Results of the study (abstract LBA9007) were presented by Tony Mok, MD, professor and chair of the department of clinical oncology at the Chinese University of Hong Kong, at the 2017 American Society of Clinical Oncology (ASCO) Annual Meeting, held June 2–6.

“Dacomitinib should be one of the new options to be considered as first-line treatment for patients with EGFR mutations,” Mok said.

According to Mok, dacomitinib is able to more effectively block EGFR compared with first-generation inhibitors like gefitinib. However, this increased suppression leads to more adverse events.

In the study, 452 patients with newly diagnosed stage IIIb/IV or recurrent NSCLC with EGFR mutations were randomly assigned to dacomitinib 45 mg or gefitinib 250 mg. Patients had to be naive of treatment with prior TKIs or immunotherapy. The primary endpoint was progression-free survival by blinded independent review.

Patients assigned to dacomitinib had a 41% decreased risk for cancer progression or death compared with those patients assigned to gefitinib (hazard ratio [HR], 0.59; 95% CI, 0.47–0.74; P = .0001). The median progression-free survival was 14.7 months with dacomitinib compared with 9.2 months with gefitinib. The progression-free survival rate at 2 years was 30.6% for dacomitinib compared with 9.6% with gefitinib.

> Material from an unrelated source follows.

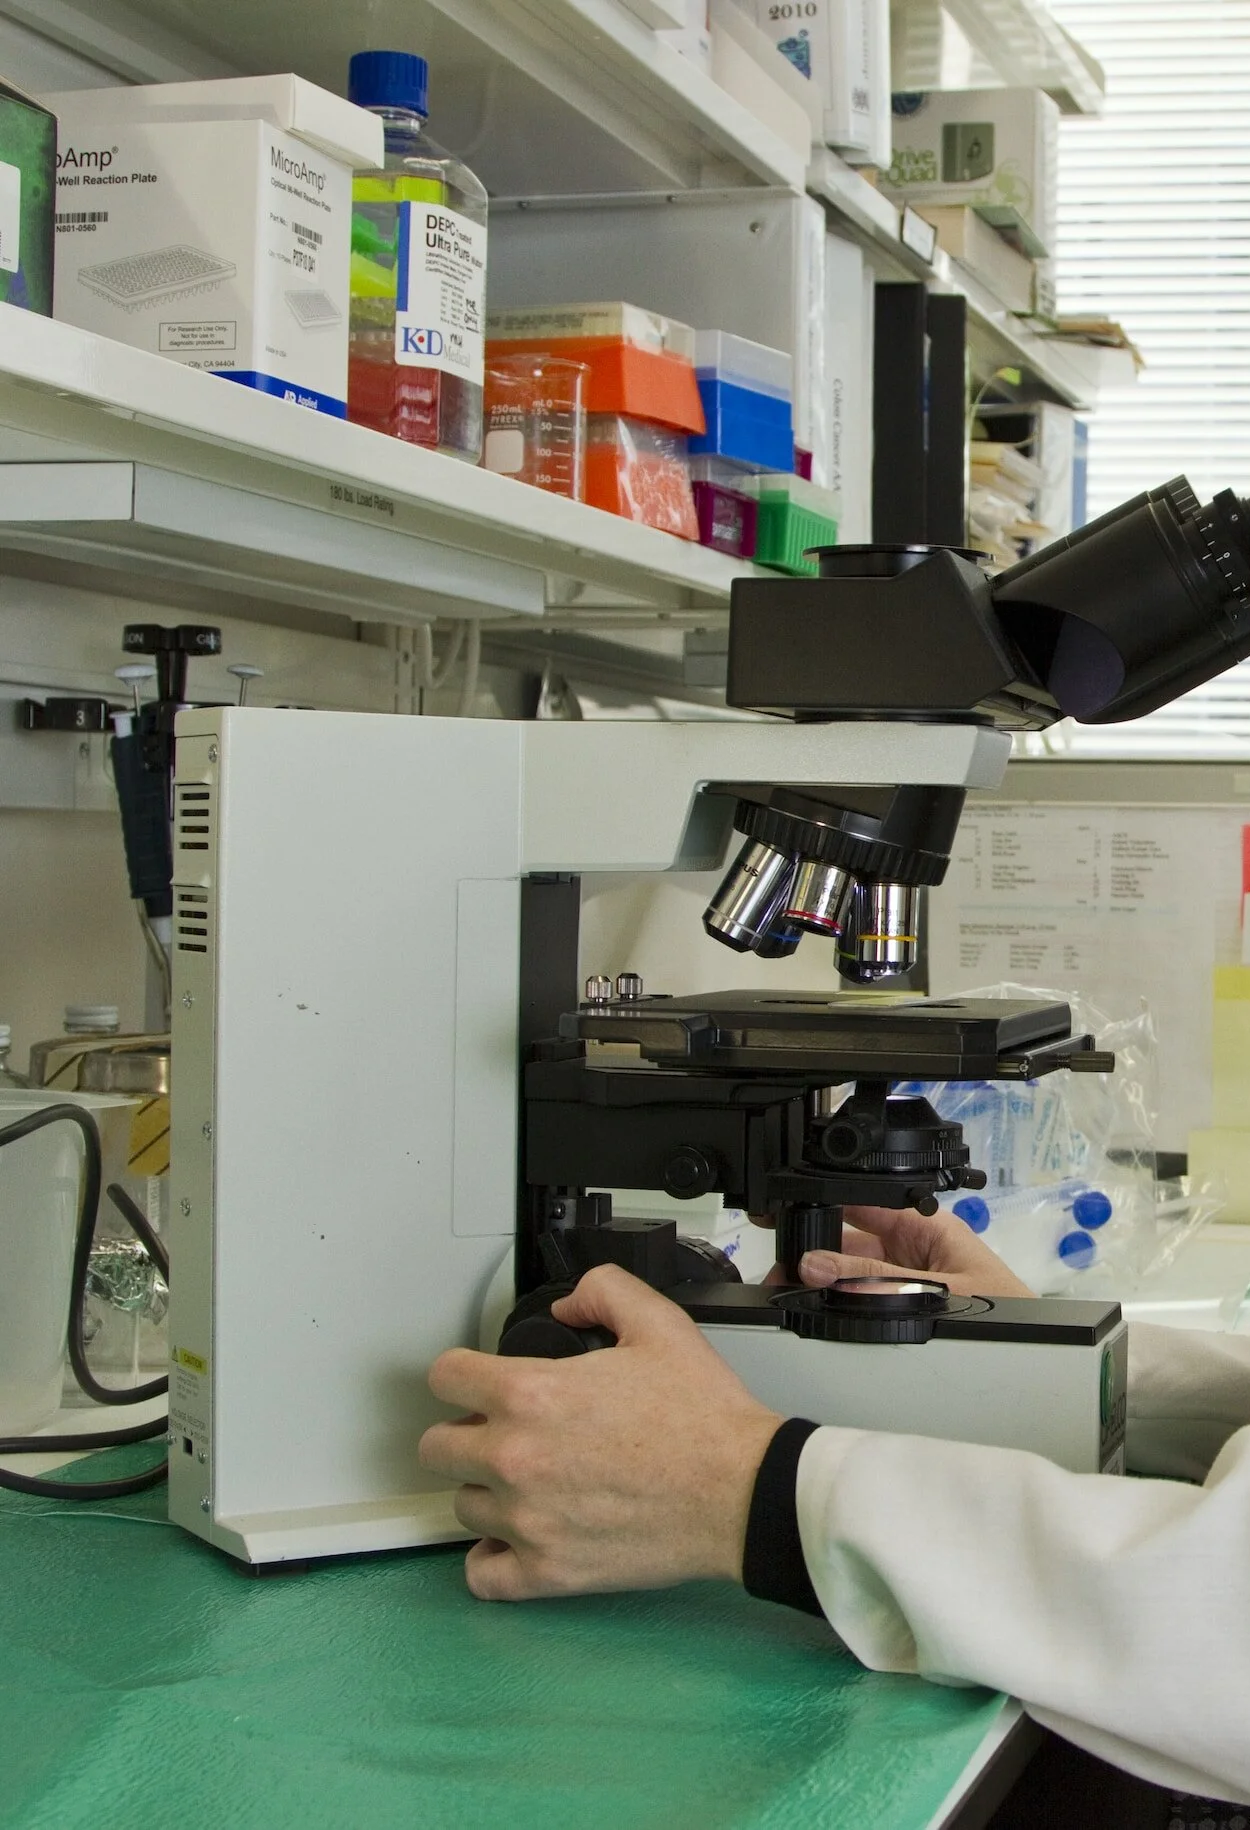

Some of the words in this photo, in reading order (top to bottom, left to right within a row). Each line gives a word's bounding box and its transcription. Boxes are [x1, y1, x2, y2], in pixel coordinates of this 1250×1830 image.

Mok noted that the response rate was similar for the two drugs-at about 75% for dacomitinib and 72% for gefitinib-but that the depth of response was higher with dacomitinib, which implies that “it is a more potent inhibitor of EGFR.” The median duration of response was 14.8 months for dacomitinib compared with 8.3 months for gefitinib (P < .0001). Overall survival data are not yet mature.

The most common severe (grade 3) side effects of dacomitinib were acne (14%) and diarrhea (8%). Liver enzyme abnormalities were the most common severe (grade 3) side effect of gefitinib (8%).

Mok noted that 66.1% of patients assigned dacomitinib required a dose reduction compared with only 8.0% of patients assigned gefitinib. The first dose reduction of dacomitinib was to 30 mg per day and the second dose reduction was to 15 mg per day. The median time to dose reduction for dacomitinib was 2.8 months compared with 3.3 months for gefitinib, but the median duration of dose reduction was 11.3 months for dacomitinib compared with 5.2 months for gefitinib.

Commenting on the study, ASCO Expert John Heymach, MD, PhD, of the University of Texas MD Anderson Cancer Center, said that from the perspective of doctors who treat lung cancer, the results of this trial are a substantial advance.

“More than 5 months’ increase in progression-free survival…this would clearly put [dacomitinib] at the front of the pack in terms of efficacy,” Heymach said. “This does come with the cost of toxicity and 68% of patients had a dose reduction, but I would emphasize that these are not life-threatening toxicities.”

Heymach said that if the drug is approved in the United States, patients and physicians must discuss the balance of toxicities and efficacy when deciding on the use of this drug.